それから、アイスティーの氷をストローで軽く突いた。
「昔な、病院の人事報告を見てたんよ。そしたら、医事課の高木みな子さんが退職って出てて」
「高木みな子さん?」
「そう。みんなから“たかみな”って呼ばれてた人。医事課のたかみな。私も何回か飲みに行ったことあったし、普通に仲よかったから、めっちゃびっくりして」
「ほう」
「で、その時いちばん近くにおったんが、システムエンジニアの野山さんやってん」
スミレは、当時の自分の声を再現するように言った。
「野山さん! たかみな、辞めるんやって!」
「うん」
「そしたら野山さんが、パソコンの画面から目ぇ離さんまま、こう言うねん」
スミレは低めの声を作った。
「あー、やっぱりなー。
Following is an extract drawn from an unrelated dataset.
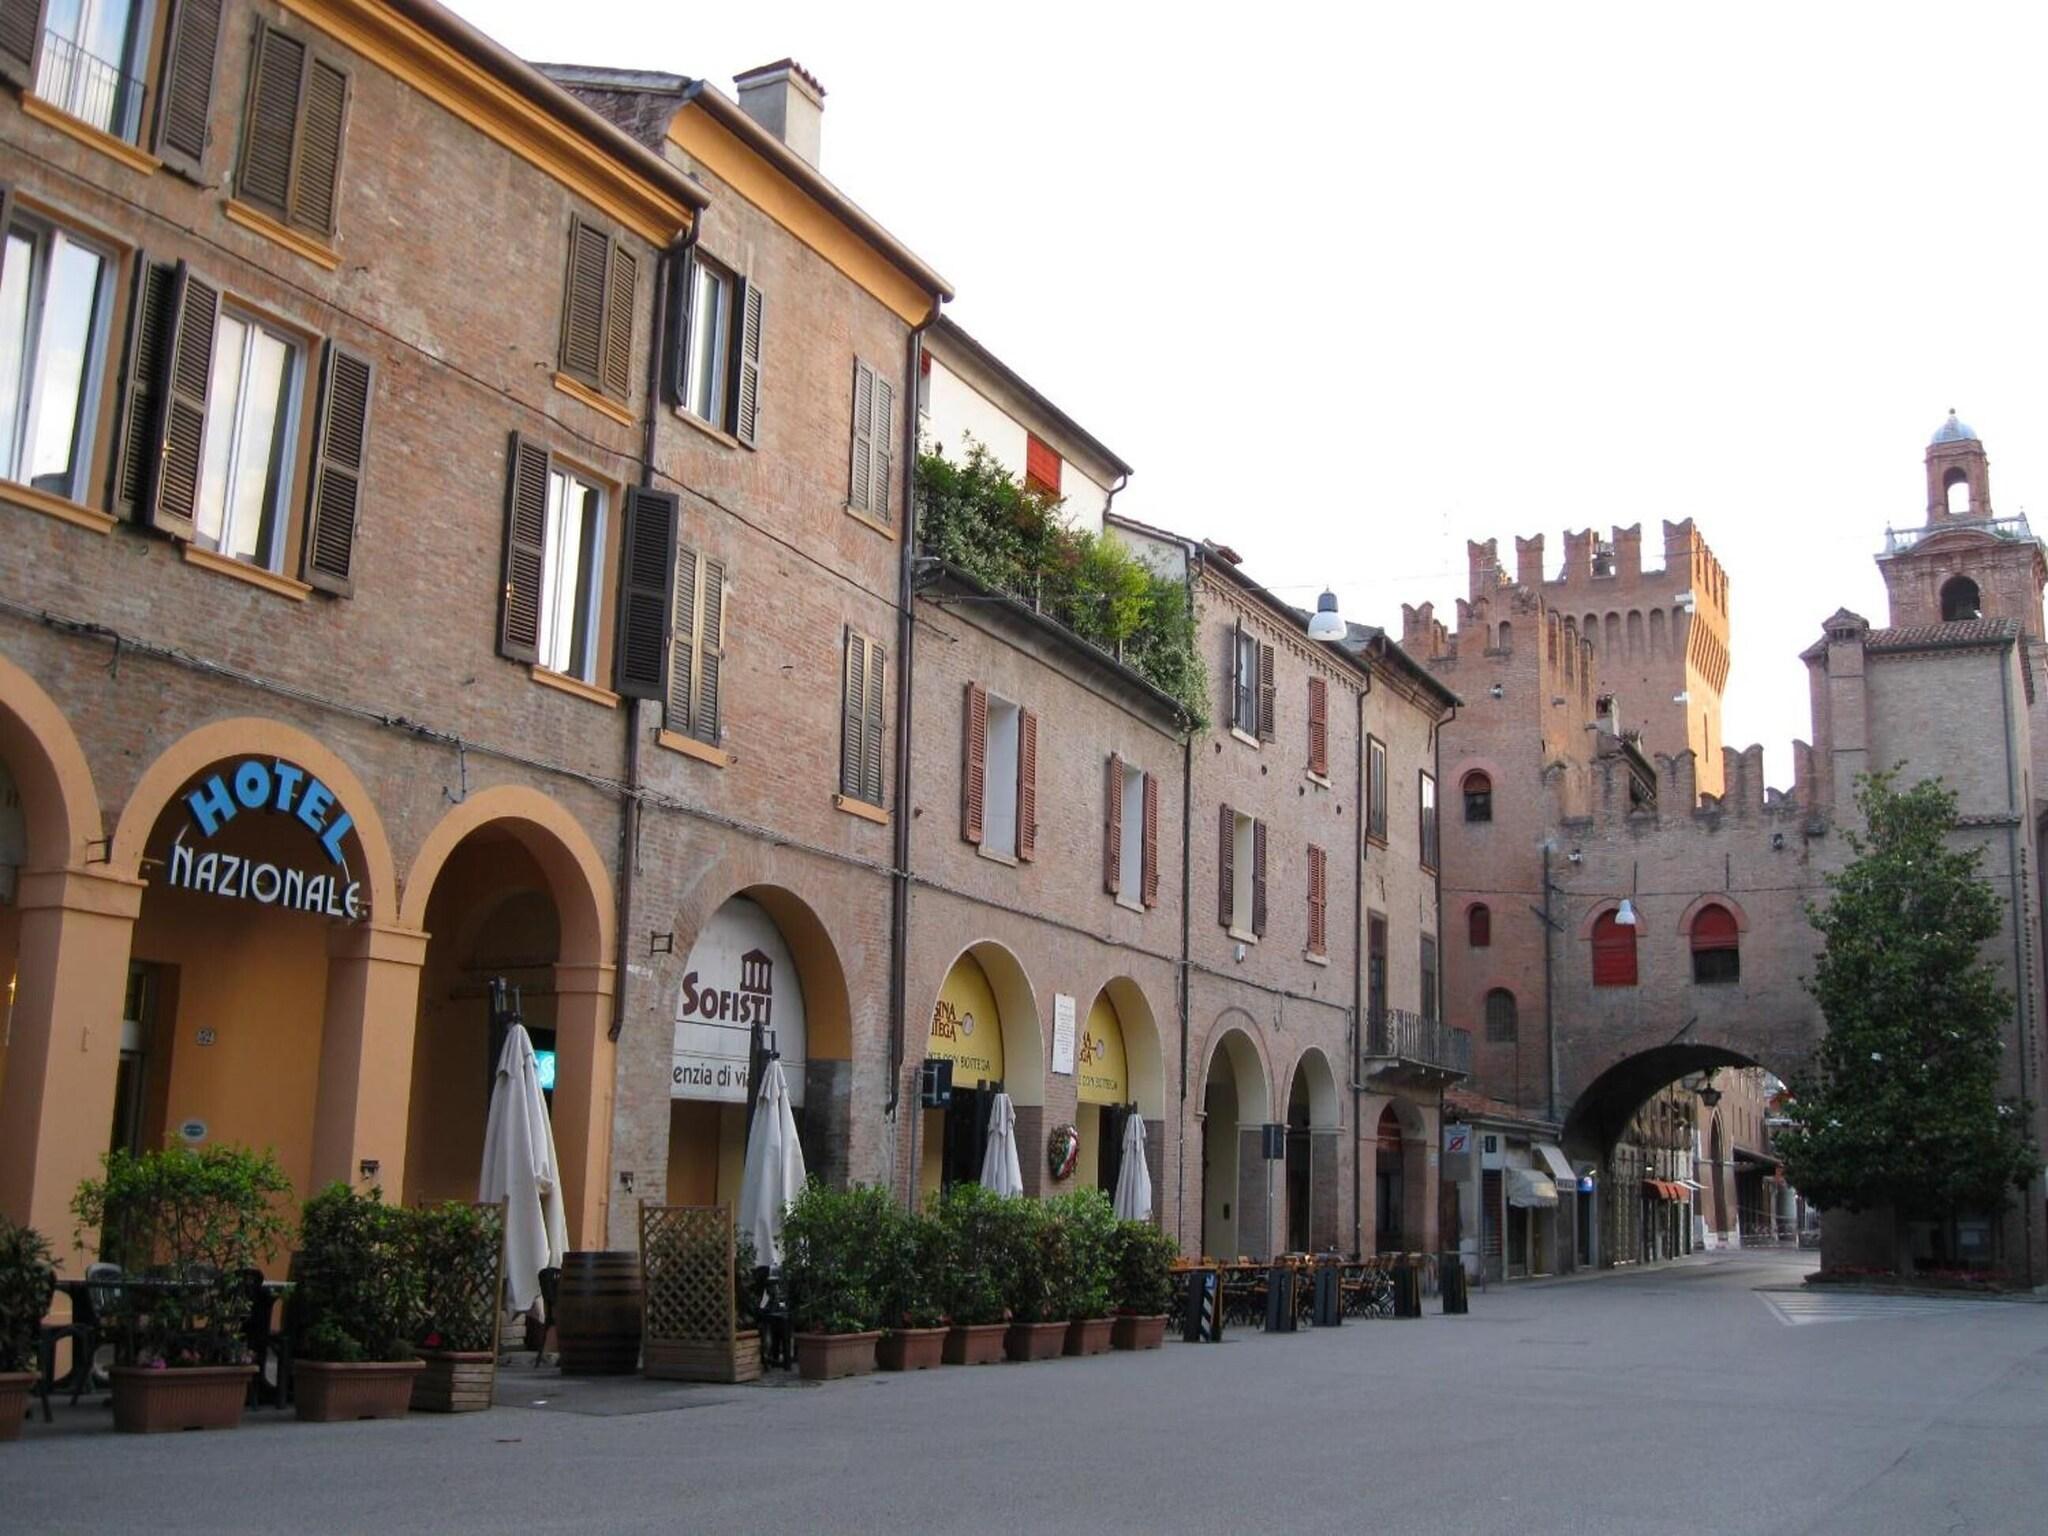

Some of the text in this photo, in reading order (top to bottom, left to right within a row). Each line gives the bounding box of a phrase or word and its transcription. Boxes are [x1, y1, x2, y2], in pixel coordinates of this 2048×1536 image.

[188, 760, 353, 865] HOTEL
[169, 844, 361, 919] NAZIONALE
[682, 971, 773, 1026] SOFISTI
[717, 1063, 731, 1087] di
辞めるんかー」
ヨッシーがもう笑いかけた。
「知ってたん?」
「私もそう思ってん」
スミレは続けた。
「野山さん、知ってたん?」
「いや、そういうわけやないけど、ちょっと予測はできたよねー。あんなことなったら」
「えっ? あんなこと?」
「え、スミレちゃん知らんの?」
「何が?」
「週刊誌にも載ってるで」
「週刊誌!?」
ヨッシーが眉を上げた。
「医事課の退職が?」
「そう。私は医事課の高木みな子さんの話をしてるから」
「怖い、怖い、怖い」
「でも野山さんは、人気アイドルグループの“たかみな”の話をしてるわけ」
その頃、アイドルの方のたかみなは、ワイドショーや週刊誌で、何かと名前を見かける時期だったらしい。でもスミレは、そのニュースを知らなかった。
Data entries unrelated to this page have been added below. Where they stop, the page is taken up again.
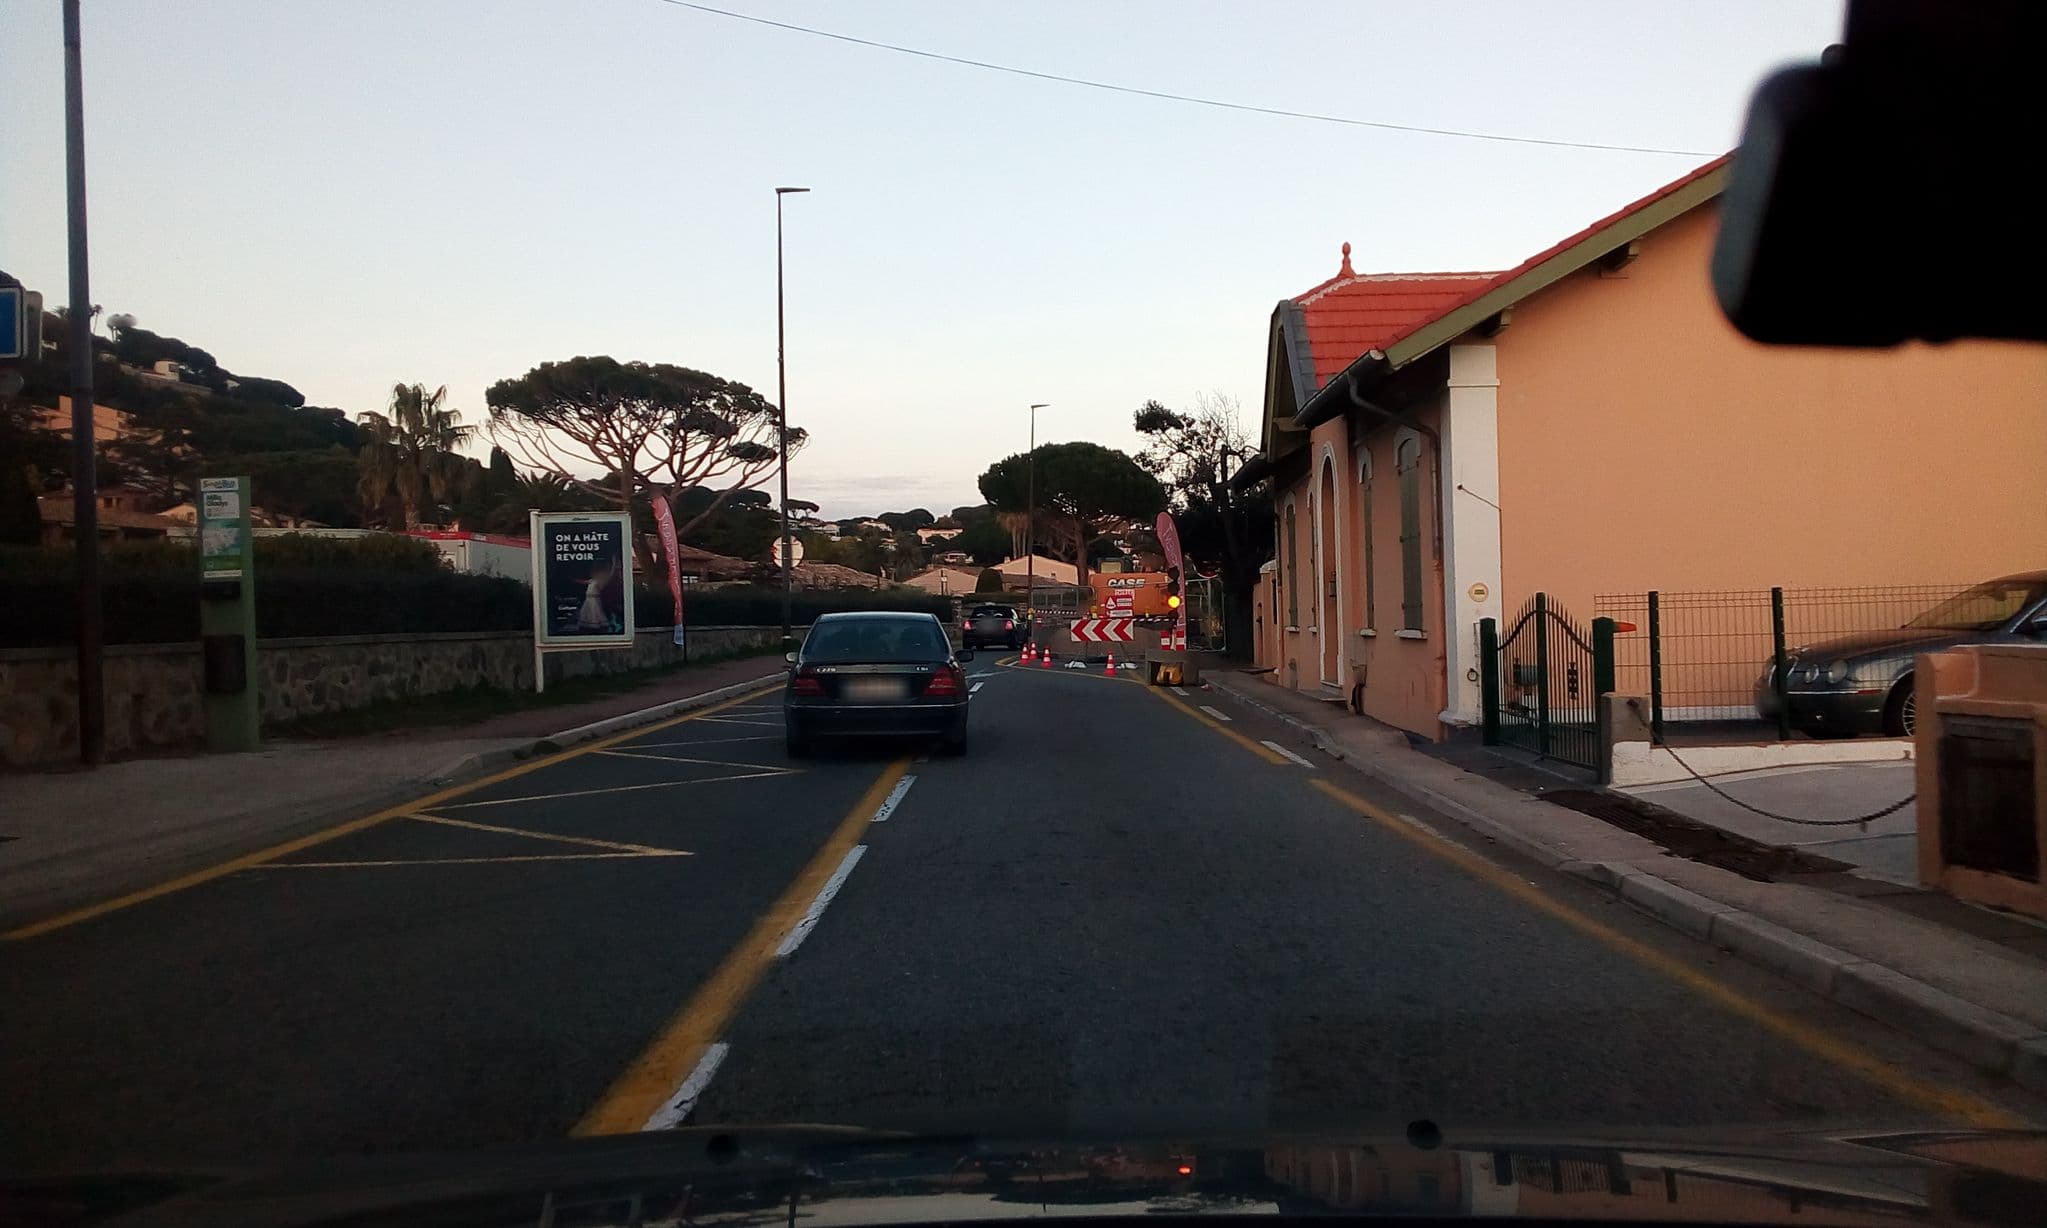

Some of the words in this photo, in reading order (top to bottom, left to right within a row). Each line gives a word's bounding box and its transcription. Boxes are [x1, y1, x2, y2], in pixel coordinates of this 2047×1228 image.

[555, 534, 571, 542] ON
[573, 534, 581, 542] A
[583, 531, 609, 541] HÂTE
[556, 543, 569, 551] DE
[572, 543, 600, 551] VOUS
[556, 552, 594, 561] REVOIR
[1108, 578, 1145, 588] CASE
そして野山さんは、医事課の高木さんの下の名前がみな子だということを知らなかった。
「あー、そっちか!」
「そっち。でも怖いのは、ここから会話がまあまあ成立すんねん」
スミレは、少し身を乗り出した。
「私が言うわけ。昨日見た時、そんなことひと言も言ってなかったし、そんな素振りもなかったよって」
「そしたら野山さんが」
「強い子やなー」
ヨッシーは口を押さえた。
「医事課の高木さんも強い子やけどな」
「そうやねん。で、私も言うてしまうねん」
「えー、けどそれ、たかみな悪くないやん」
「そしたら野山さん」
「そやねん。たかみなは何も悪くないねん。でも、正義感持ってやらなあかん仕事やからなー」
「私、思うわけ。医事課って正義感持ってやらなあかん仕事やもんな、って」
「そっちで納得すな」
「ほんで私が言うねん」
「けどこれ、管理してる人も大変やな」
「私は病院の事務長とか、課長とかの話してる」
「野山さんは?」
「たぶんプロデューサー側の話をしてる」
ヨッシーはもう笑っていた。
「で、さらに私が言うの」
「しかし、週刊誌に載るかなー」
「野山さんが即答」
「いやー、これは載るやろー」
「私も、そうなんや……って。医事課の退職って、週刊誌に載るレベルなんや……って」
「気づけよ!」
「気づかへんねん。だって会話が成立してるから」
スミレは指を一本立てた。
「このまま十五分くらい盛り上がってん」
「十五分!?」
「そう。たかみなの今後について。本人は悪くないとか、周りが大変やとか、これからどうするんやろとか。全部、別々のたかみなを見ながら」
スミレは一度、辛味チキンをつまんだ。
「で、いったん解散して、それぞれ自分の部署に戻ったんよ」
「終わったん?」
「終わらへんねん」
スミレは少し声を落とした。
「しばらくしたら、野山さんが遠くから呼ぶねん」
「スミレちゃん!」
「何ですか?」
「たかみな、ブログで頑張りたいって言うてるで!」
ヨッシーがテーブルに手を置いた。
「来た」
「私、びっくりして」
「え、辞めへんの!? ていうかブログ!? たかみな、ブログやってんの!?」
「そしたら野山さん」
「そら、やってるやろ」
「で私」
「やってる!? ミクシィやってるのは知ってましたけど、ブログって芸能人みたいですね」
ヨッシーがテーブルを叩いた。
「そこで気づけ!」
「野山さんも、そこで初めてちょっと止まってん」
スミレは、小さく沈黙を作った。
「……たかみなのブログ、見る?」
「見る、見る、見る!」
「で、野山さんのパソコンでブログ開いてもらって、画面見た瞬間」
スミレは真顔で言った。
「これ、アイドルの方のたかみなやん」
ヨッシーが吹き出した。
「野山さんは?」
「ん? え? んっ?」
「で、私も」
「え? 高木みな子さんの話してましたけど?」
「野山さん」
「医事課の?」
「私」
「はい」
「野山さん」
「たかみなって、そっち?」
スミレは肩を震わせた。
「十五分、同じ人を見てなかった」
ヨッシーは笑いながら、しばらく何も言えなかった。
サイゼリヤの店内では、隣の席の高校生たちが、間違い探しの最後の一個で揉めていた。
入口では、並んでいる客の横を、別の客がすっと入ろうとしていた。
店員さんが笑顔のまま、「お名前だけ書いてお待ちください」と、やさしく止めていた。
「それ、今日のベストオブほぼすべあるな」
「でしょ」
スミレは、得意げにアイスティーを持った。